Harvard Medical School, Boston, MA, USA.
BMC Med. 2011 Feb 22;9:18. doi: 10.1186/1741-7015-9-18.
Complex neurodevelopmental disorders may be characterized by subtle brain function signatures early in life before behavioral symptoms are apparent. Such endophenotypes may be measurable biomarkers for later cognitive impairments. The nonlinear complexity of electroencephalography (EEG) signals is believed to contain information about the architecture of the neural networks in the brain on many scales. Early detection of abnormalities in EEG signals may be an early biomarker for developmental cognitive disorders. The goal of this paper is to demonstrate that the modified multiscale entropy (mMSE) computed on the basis of resting state EEG data can be used as a biomarker of normal brain development and distinguish typically developing children from a group of infants at high risk for autism spectrum disorder (ASD), defined on the basis of an older sibling with ASD.

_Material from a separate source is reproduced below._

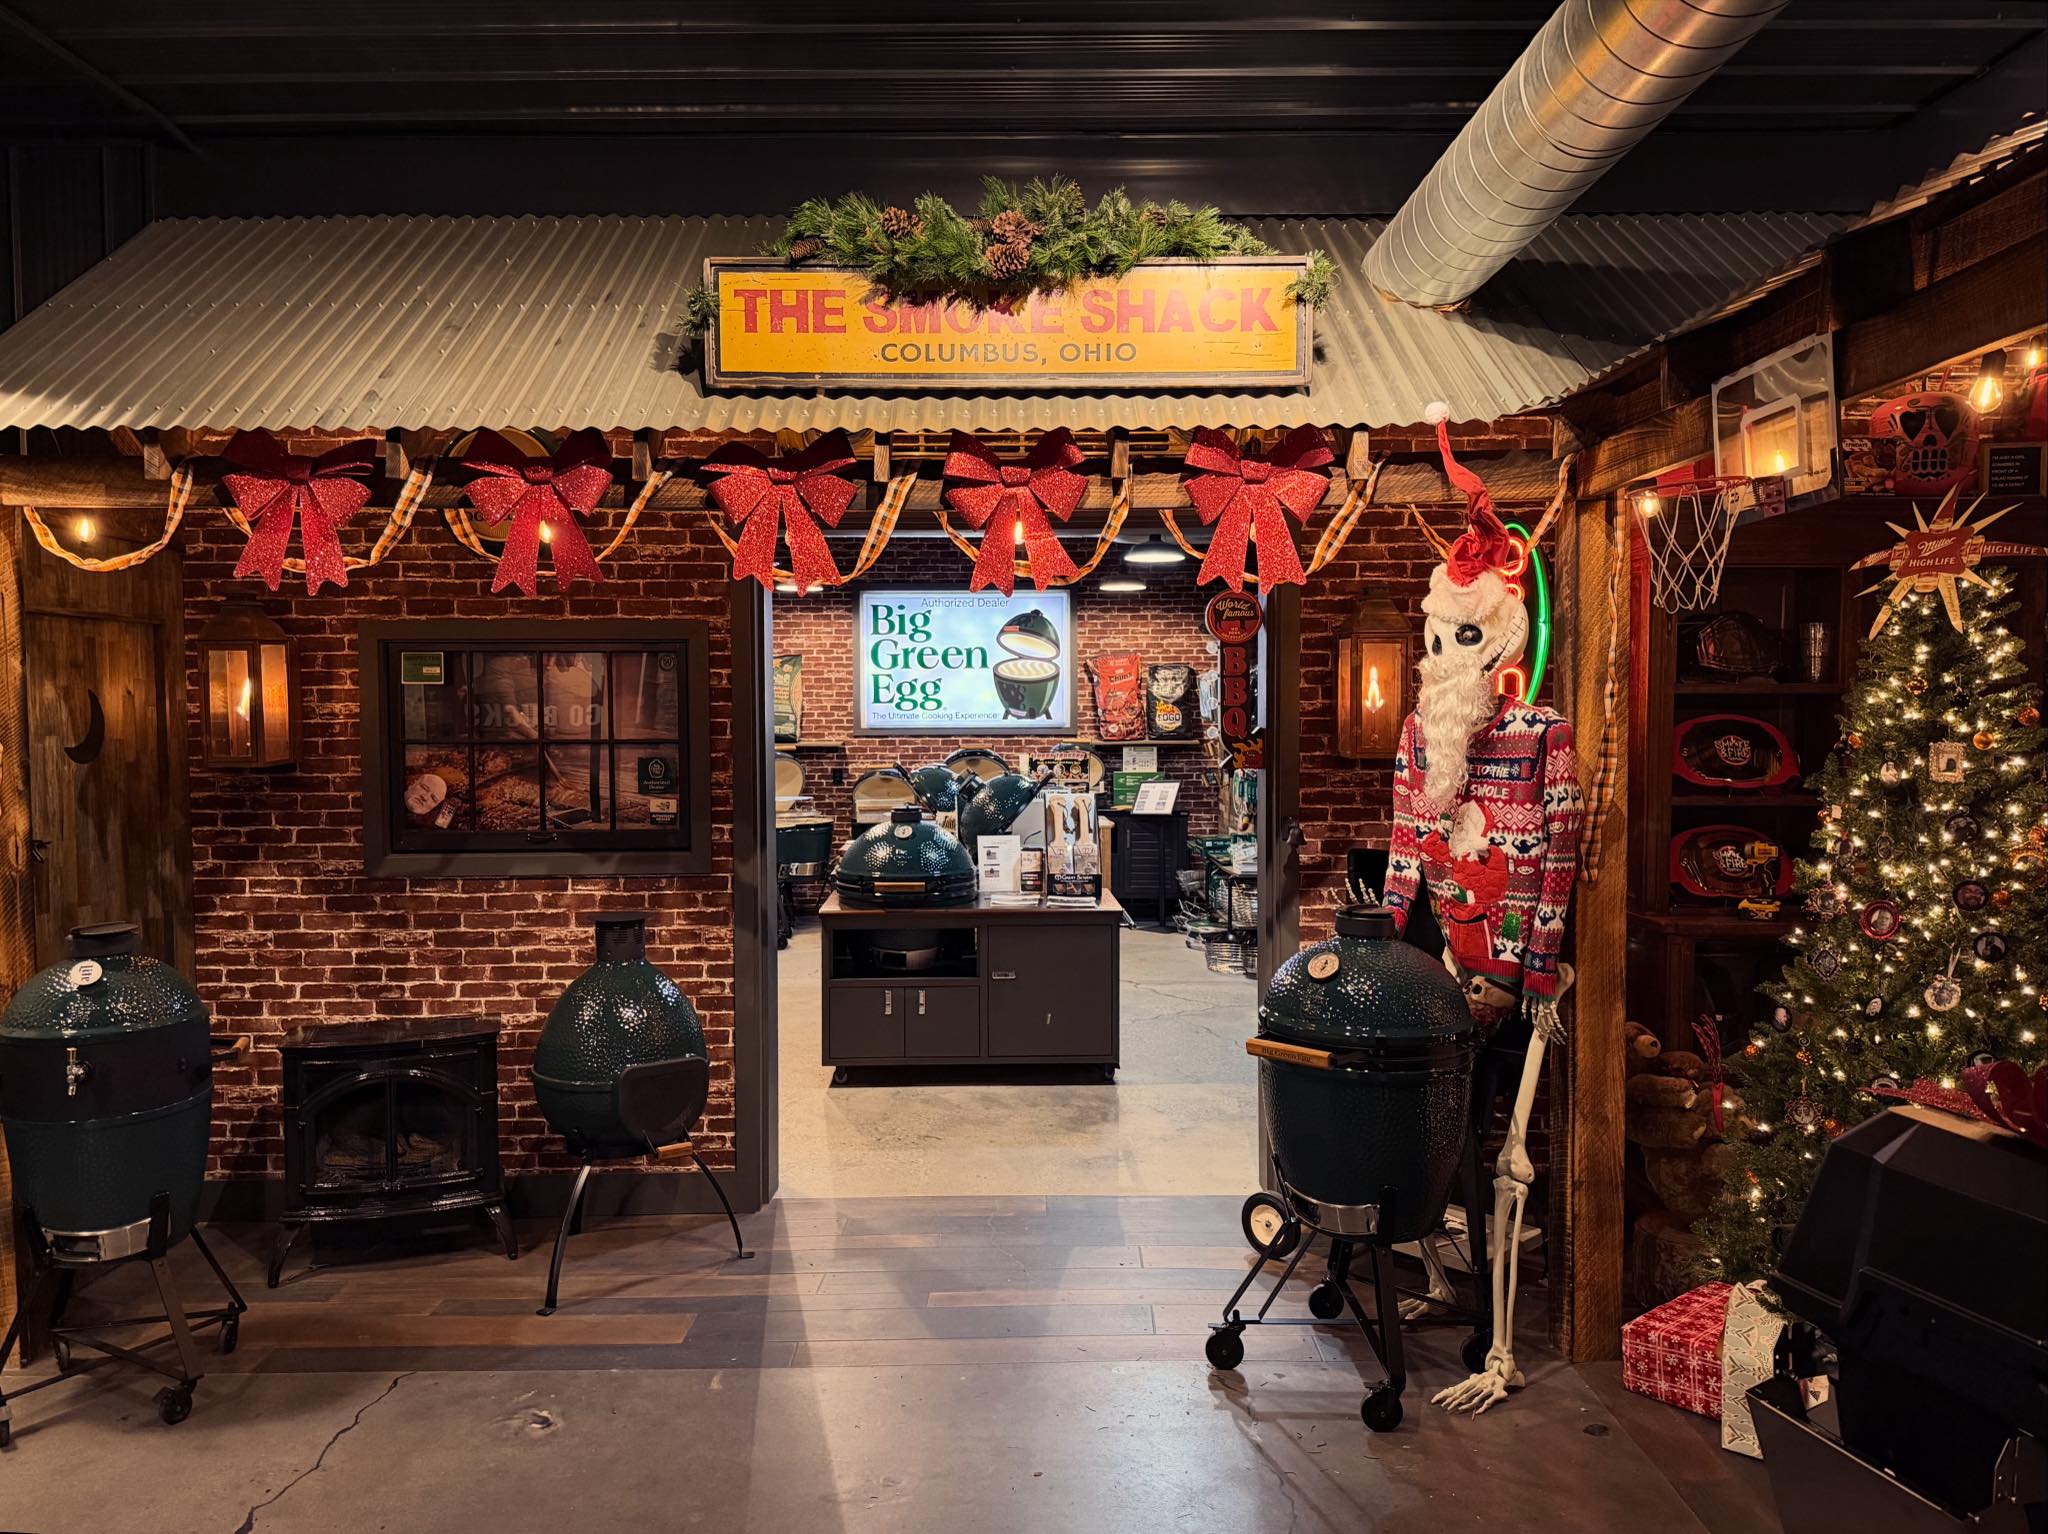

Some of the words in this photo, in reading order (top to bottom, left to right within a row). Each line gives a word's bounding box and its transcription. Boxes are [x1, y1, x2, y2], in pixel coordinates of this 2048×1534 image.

Using mMSE as a feature vector, a multiclass support vector machine algorithm was used to classify typically developing and high-risk groups. Classification was computed separately within each age group from 6 to 24 months.
Multiscale entropy appears to go through a different developmental trajectory in infants at high risk for autism (HRA) than it does in typically developing controls. Differences appear to be greatest at ages 9 to 12 months. Using several machine learning algorithms with mMSE as a feature vector, infants were classified with over 80% accuracy into control and HRA groups at age 9 months. Classification accuracy for boys was close to 100% at age 9 months and remains high (70% to 90%) at ages 12 and 18 months. For girls, classification accuracy was highest at age 6 months, but declines thereafter.
This proof-of-principle study suggests that mMSE computed from resting state EEG signals may be a useful biomarker for early detection of risk for ASD and abnormalities in cognitive development in infants. To our knowledge, this is the first demonstration of an information theoretic analysis of EEG data for biomarkers in infants at risk for a complex neurodevelopmental disorder.
复杂的神经发育障碍可能具有细微的脑功能特征,这些特征在行为症状明显之前很早就出现了。这种内表型可能是以后认知障碍的可测量生物标志物。脑电图(EEG)信号的非线性复杂性被认为包含了大脑中神经网络结构的许多尺度上的信息。EEG 信号异常的早期检测可能是发育性认知障碍的早期生物标志物。本文的目的是证明基于静息状态 EEG 数据计算的修正多尺度熵(mMSE)可以用作正常大脑发育的生物标志物,并将典型的发育儿童与一组自闭症谱系障碍(ASD)高风险的婴儿区分开来,这是基于 ASD 先证者定义的。
使用 mMSE 作为特征向量,使用多类支持向量机算法对典型发育组和高风险组进行分类。在 6 至 24 个月的每个年龄组内分别计算分类。
多尺度熵在自闭症高风险婴儿(HRA)中的发展轨迹似乎与典型发育对照组不同。差异似乎在 9 至 12 个月时最大。使用几种机器学习算法,将 mMSE 作为特征向量,9 个月大的婴儿以超过 80%的准确率被分类为对照组和 HRA 组。9 个月大的男孩分类准确率接近 100%,12 个月和 18 个月时仍然很高(70%至 90%)。对于女孩,分类准确率在 6 个月时最高,但此后下降。
这项原理验证研究表明,从静息状态 EEG 信号计算出的 mMSE 可能是检测 ASD 风险和婴儿认知发育异常的有用生物标志物。据我们所知,这是首次对具有复杂神经发育障碍风险的婴儿 EEG 数据进行信息论分析以寻找生物标志物的研究。